What other factors may impact health IT funding in rural areas?
Programs such as "pay-for-performance" or "pay-for-use" reimbursement from payers are a means to recoup the costs of health IT implementation and maintenance retrospectively (through enhanced reimbursement after the investment is made). Demonstration projects involving adjustments to third party reimbursement policies are underway at the Federal and State levels and hold promise for helping subsidize the cost of health IT adoption.
Some of these payment initiatives are tied to quality reporting metrics. For example, under Medicare's Physician Quality Reporting Initiative (PQRI), eligible health professionals can receive an incentive payment for satisfactorily reporting data on covered services furnished to Medicare beneficiaries. Although this program does not directly fund health IT, the program does promote reporting efficiency that can be achieved more effectively with use of a health IT system. Thus, the incentive payment received can be used to recoup health IT costs.
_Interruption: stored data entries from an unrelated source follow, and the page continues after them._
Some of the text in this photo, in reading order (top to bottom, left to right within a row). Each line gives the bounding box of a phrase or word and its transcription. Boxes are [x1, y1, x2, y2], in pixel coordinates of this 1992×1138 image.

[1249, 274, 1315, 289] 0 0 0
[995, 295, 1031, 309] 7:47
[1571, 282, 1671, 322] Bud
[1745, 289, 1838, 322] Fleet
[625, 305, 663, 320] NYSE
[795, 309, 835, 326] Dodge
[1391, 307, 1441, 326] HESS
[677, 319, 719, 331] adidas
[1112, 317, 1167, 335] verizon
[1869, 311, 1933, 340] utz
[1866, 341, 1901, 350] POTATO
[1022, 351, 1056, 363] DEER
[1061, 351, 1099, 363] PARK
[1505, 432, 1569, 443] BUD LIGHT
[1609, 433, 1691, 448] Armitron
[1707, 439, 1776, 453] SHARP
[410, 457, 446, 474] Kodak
Additional Resources on pay for performance:
The American Recovery and Reinvestment Act of 2009 (ARRA) has a number of provisions that will impact rural health providers, including grants, loans and payment incentives. Beginning in 2011, non-hospital-based providers enrolled in the Medicare program who implement and report meaningful use of electronic health records (EHR) can receive initial incentive payments up to $18,000. Providers in rural health professional shortage areas will be eligible for a 10% increase on these payment amounts. Incentive payment programs will also be available under the Medicaid program to rural health clinics and other providers who are not hospital-based. Eligible providers will only be able to take advantage of programs under either Medicare or Medicaid. However, acute care hospitals, including CAHs, are eligible for incentive payment programs under both the Medicare and Medicaid programs.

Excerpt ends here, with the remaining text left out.